[Dataset content]
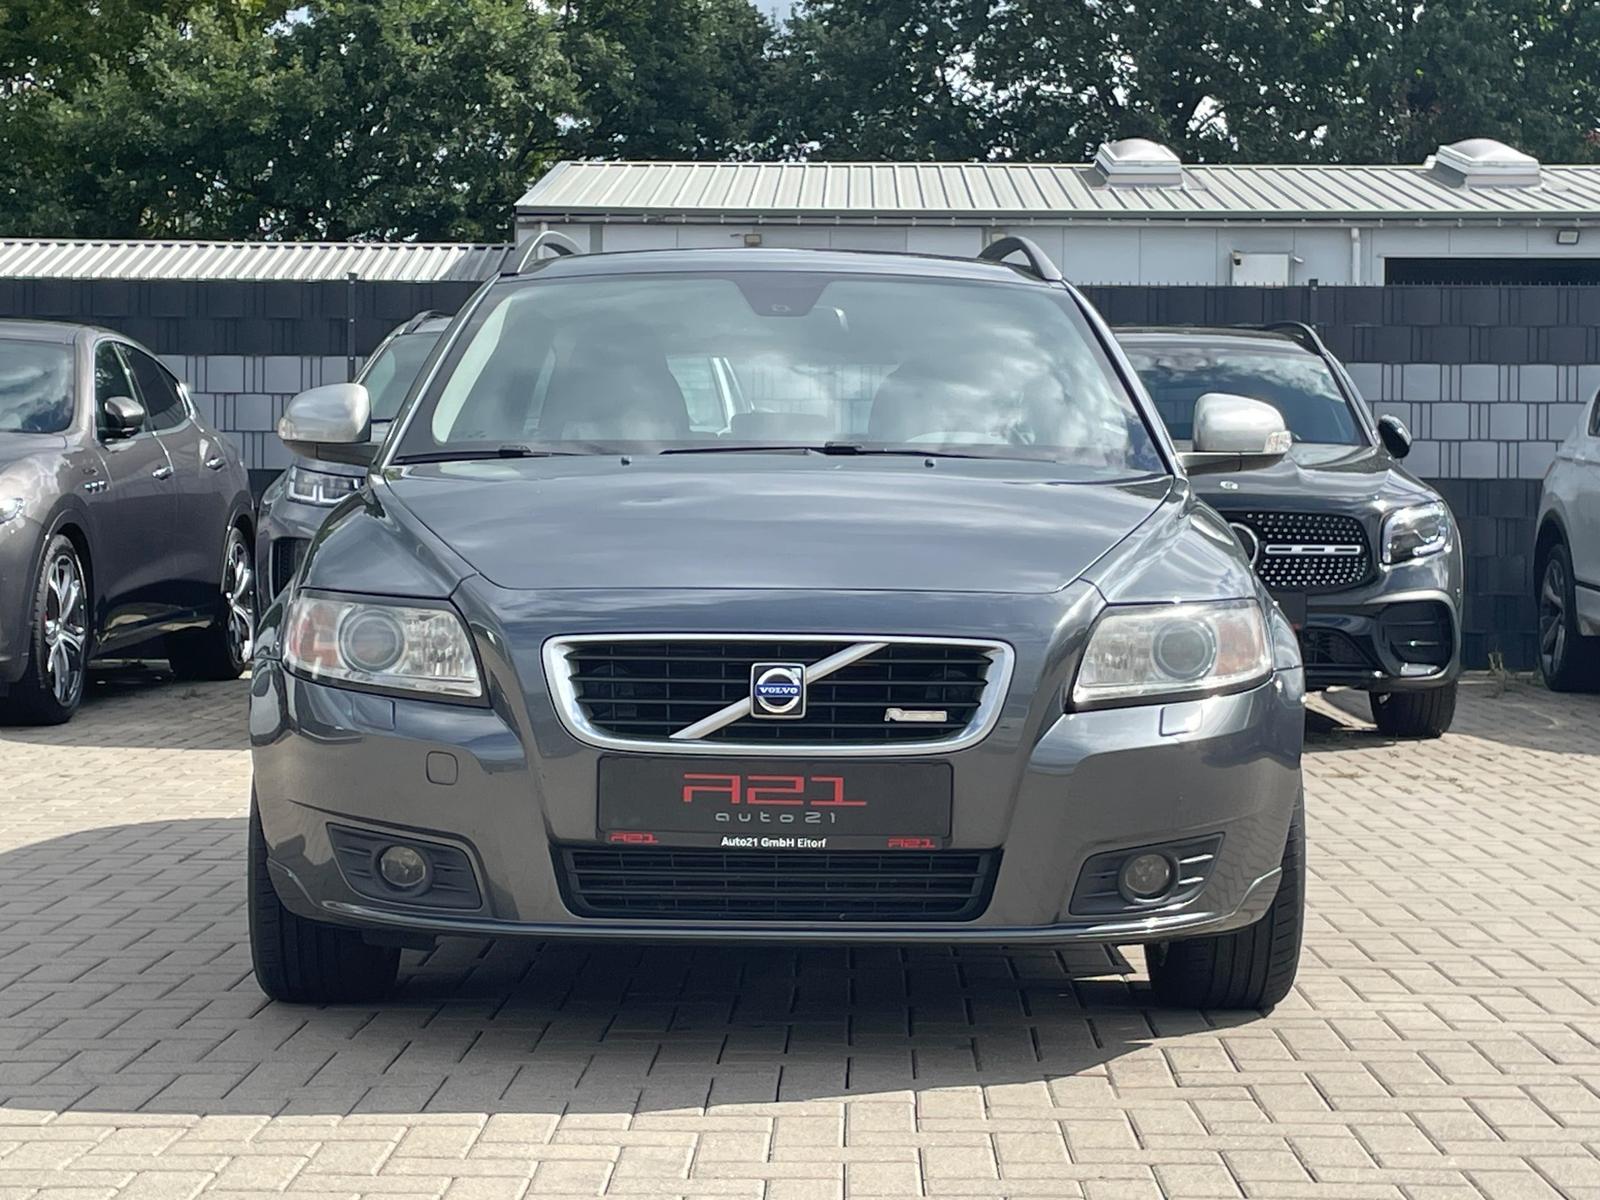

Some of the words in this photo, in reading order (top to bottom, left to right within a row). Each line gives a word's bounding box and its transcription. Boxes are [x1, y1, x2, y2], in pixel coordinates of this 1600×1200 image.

[683, 773, 867, 806] A21
[721, 836, 758, 847] Auto21
[761, 837, 795, 848] GmbH
[797, 838, 827, 848] Eitorf
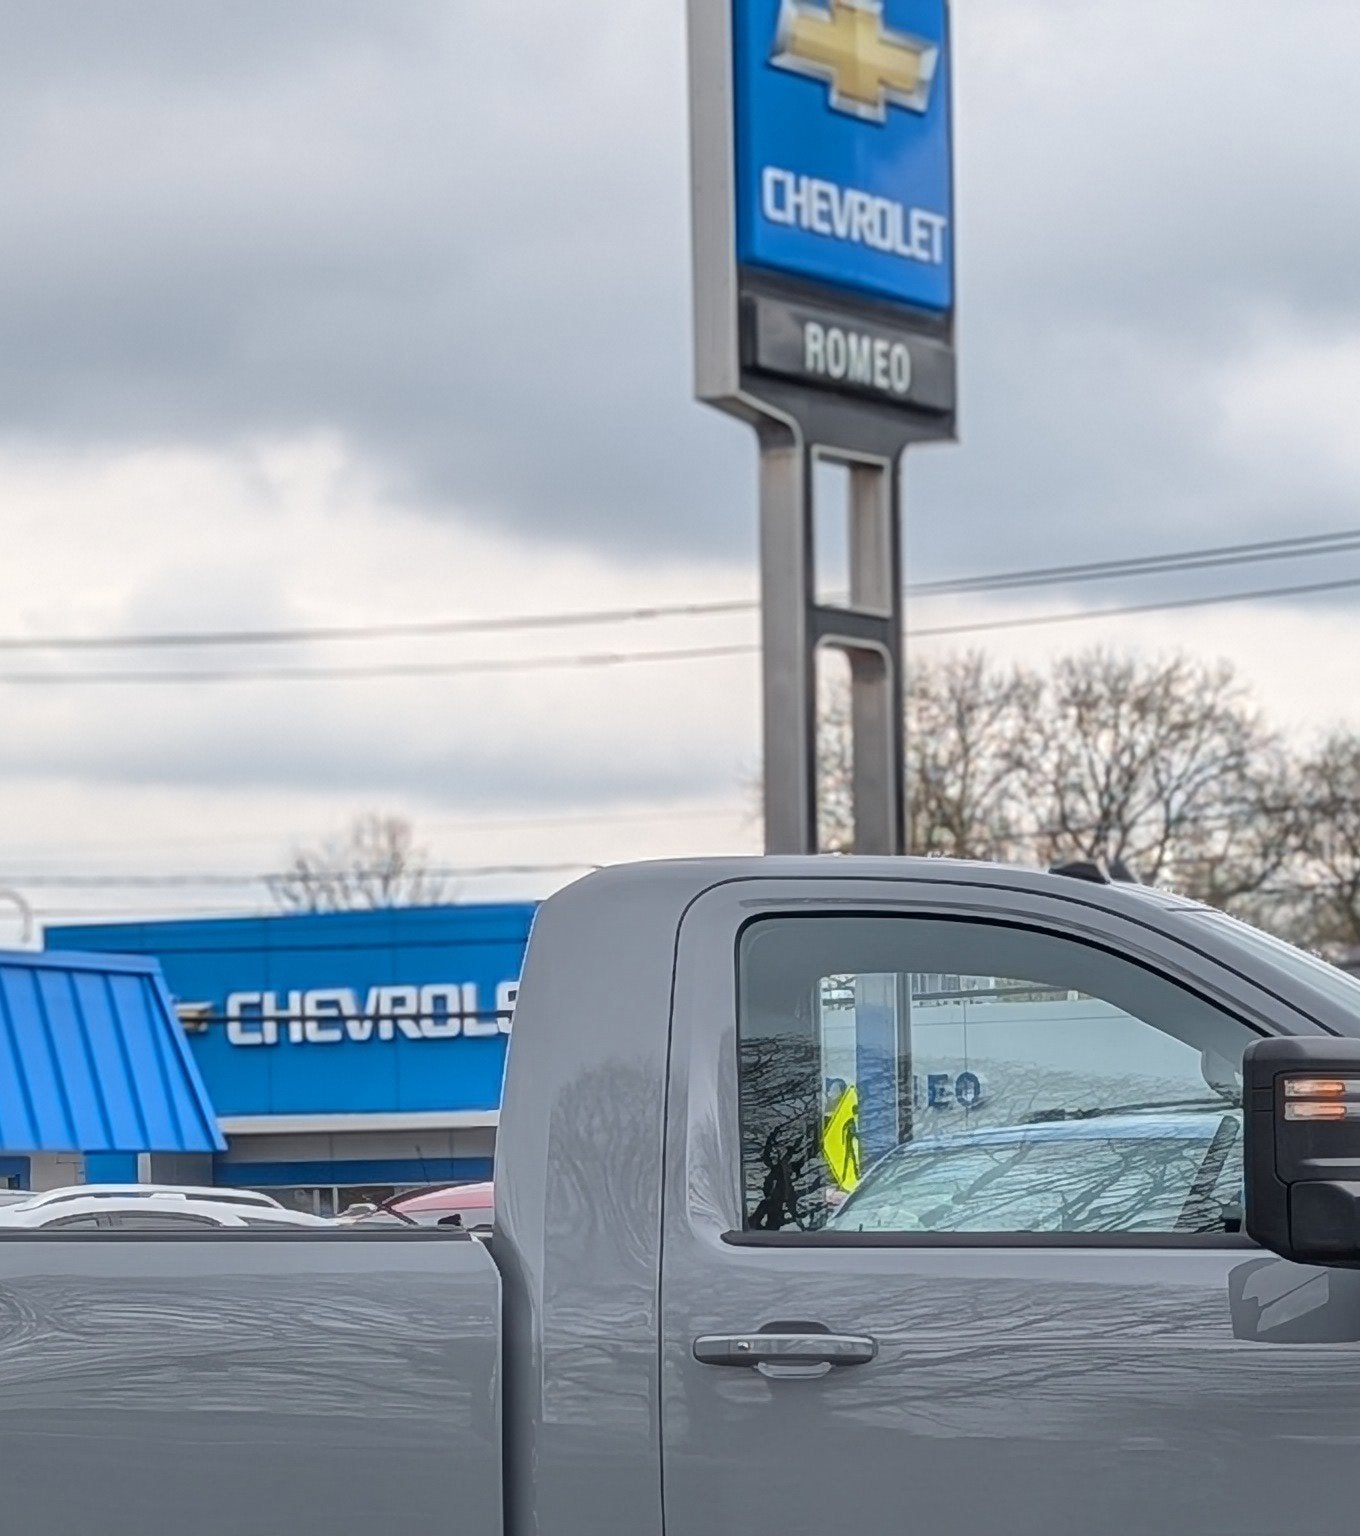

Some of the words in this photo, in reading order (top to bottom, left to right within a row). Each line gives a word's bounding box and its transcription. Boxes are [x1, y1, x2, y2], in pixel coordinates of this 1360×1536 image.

[762, 166, 947, 266] CHEVROLET
[804, 322, 911, 394] ROMEO
[226, 981, 520, 1046] CHEVROL
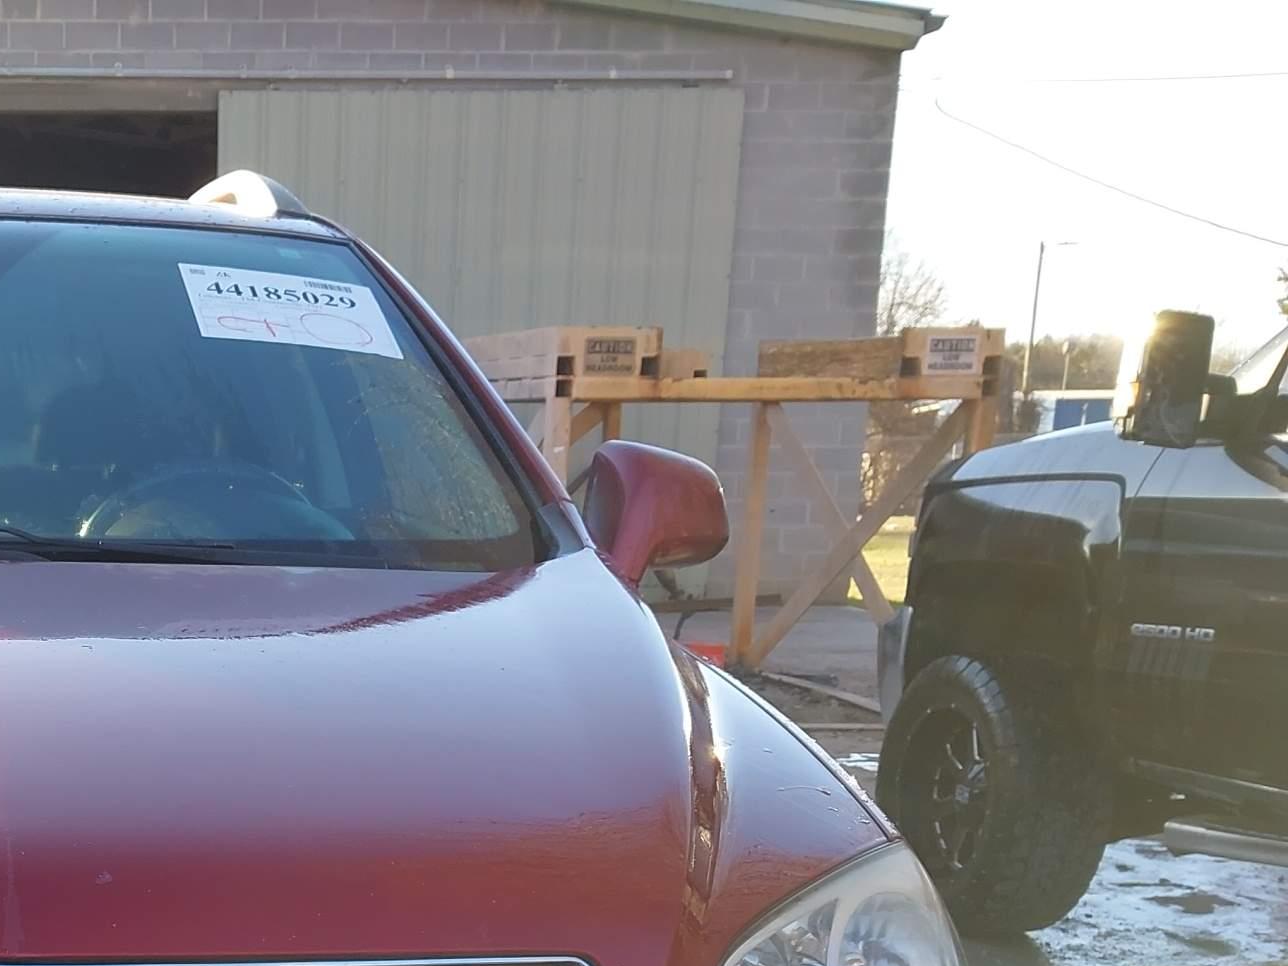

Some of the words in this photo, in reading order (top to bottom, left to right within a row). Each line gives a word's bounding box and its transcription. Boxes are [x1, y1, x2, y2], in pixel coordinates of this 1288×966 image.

[206, 281, 357, 309] 44185029
[588, 341, 633, 353] CAUTION
[931, 339, 975, 351] CAUTION
[600, 355, 617, 363] LOW
[1131, 623, 1181, 639] 2500
[1185, 627, 1215, 641] HD
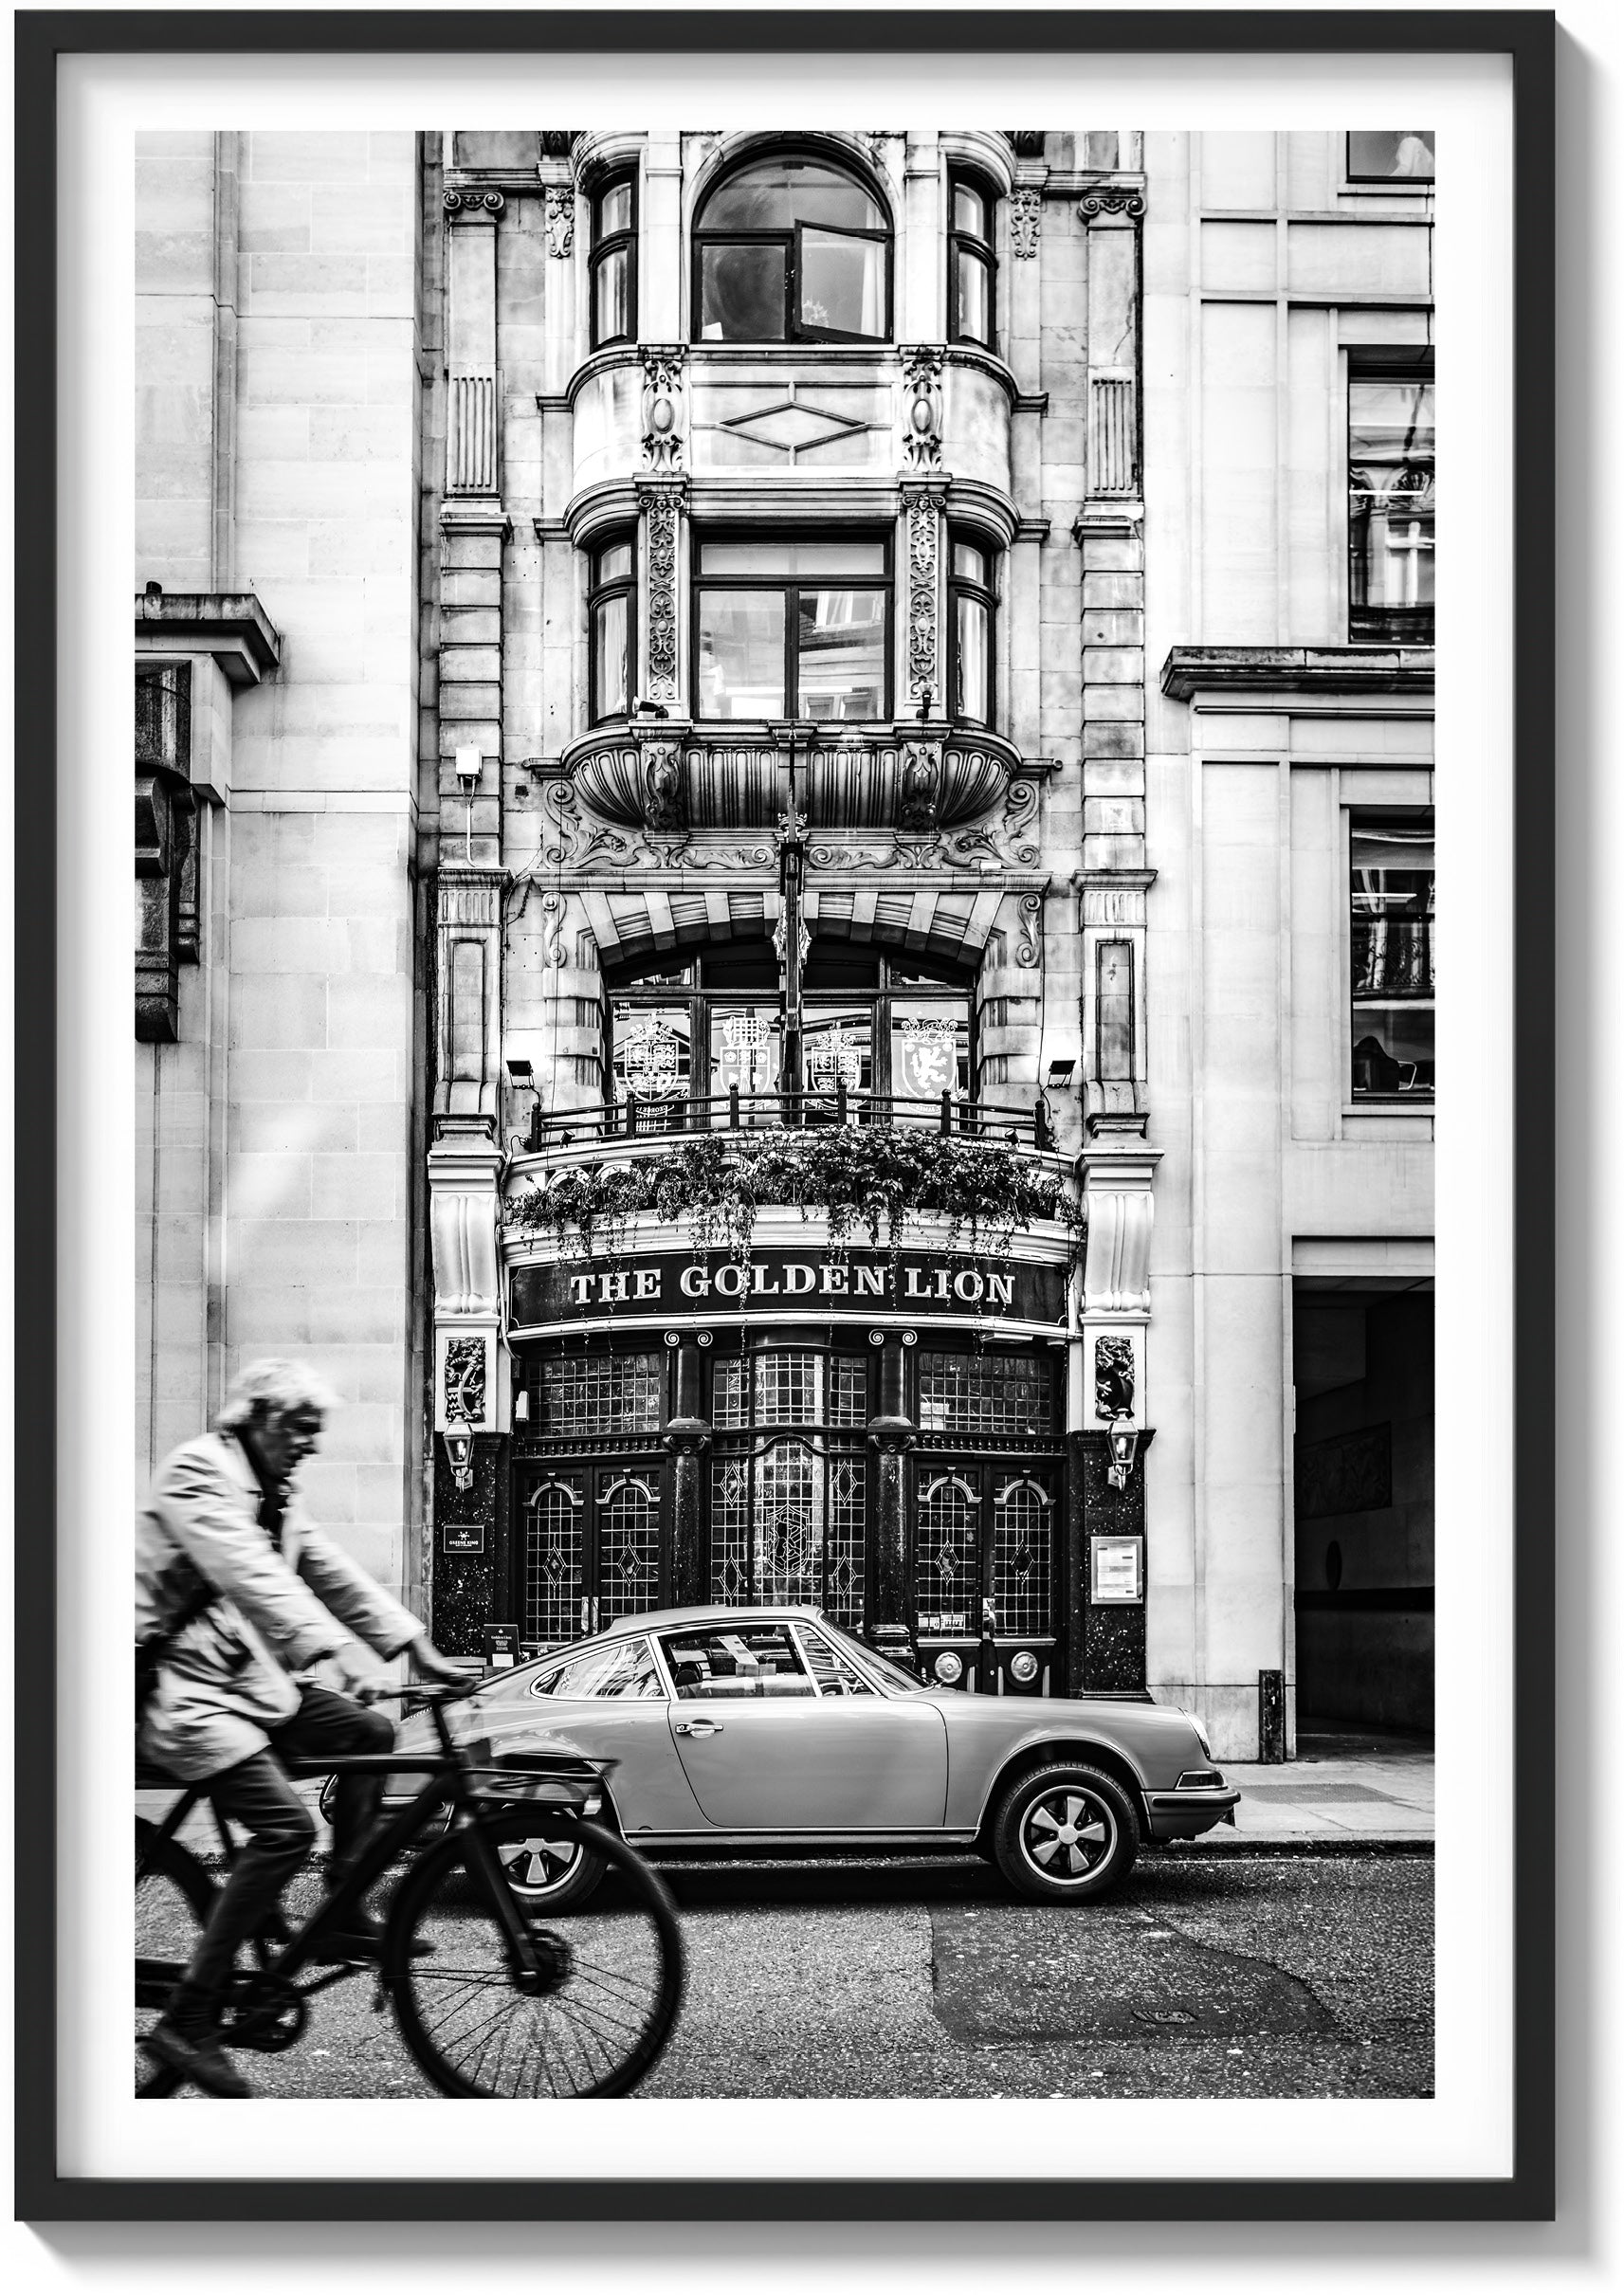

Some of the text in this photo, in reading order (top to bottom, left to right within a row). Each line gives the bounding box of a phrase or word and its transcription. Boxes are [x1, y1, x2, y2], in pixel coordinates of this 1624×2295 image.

[571, 1265, 1015, 1304] THE GOLDEN LION
[1270, 1695, 1276, 1705] 1
[/Dataset content]
> _How to complete this task_
Set the listing down verbatim, excluding pictures.

> _Written answer_
Some of the words in this photo, in reading order (top to bottom, left to right within a row). Each line gives a word's bounding box and its transcription. Boxes are [x1, y1, x2, y2], in pixel coordinates of this 1600×1200 image.

[683, 773, 867, 806] A21
[721, 836, 758, 847] Auto21
[761, 837, 795, 848] GmbH
[797, 838, 827, 848] Eitorf

Some of the words in this photo, in reading order (top to bottom, left to right within a row). Each line gives a word's bounding box and its transcription. Boxes are [x1, y1, x2, y2], in pixel coordinates of this 1360×1536 image.

[762, 166, 947, 266] CHEVROLET
[804, 322, 911, 394] ROMEO
[226, 981, 520, 1046] CHEVROL

Some of the words in this photo, in reading order (top to bottom, left to right within a row). Each line gives a word's bounding box and its transcription. Boxes are [x1, y1, x2, y2], in pixel coordinates of this 1288×966 image.

[206, 281, 357, 309] 44185029
[588, 341, 633, 353] CAUTION
[931, 339, 975, 351] CAUTION
[600, 355, 617, 363] LOW
[1131, 623, 1181, 639] 2500
[1185, 627, 1215, 641] HD

Some of the text in this photo, in reading order (top to bottom, left to right within a row). Each line gives the bounding box of a phrase or word and its transcription. Boxes are [x1, y1, x2, y2], in pixel coordinates of this 1624×2295 image.

[571, 1265, 1015, 1304] THE GOLDEN LION
[1270, 1695, 1276, 1705] 1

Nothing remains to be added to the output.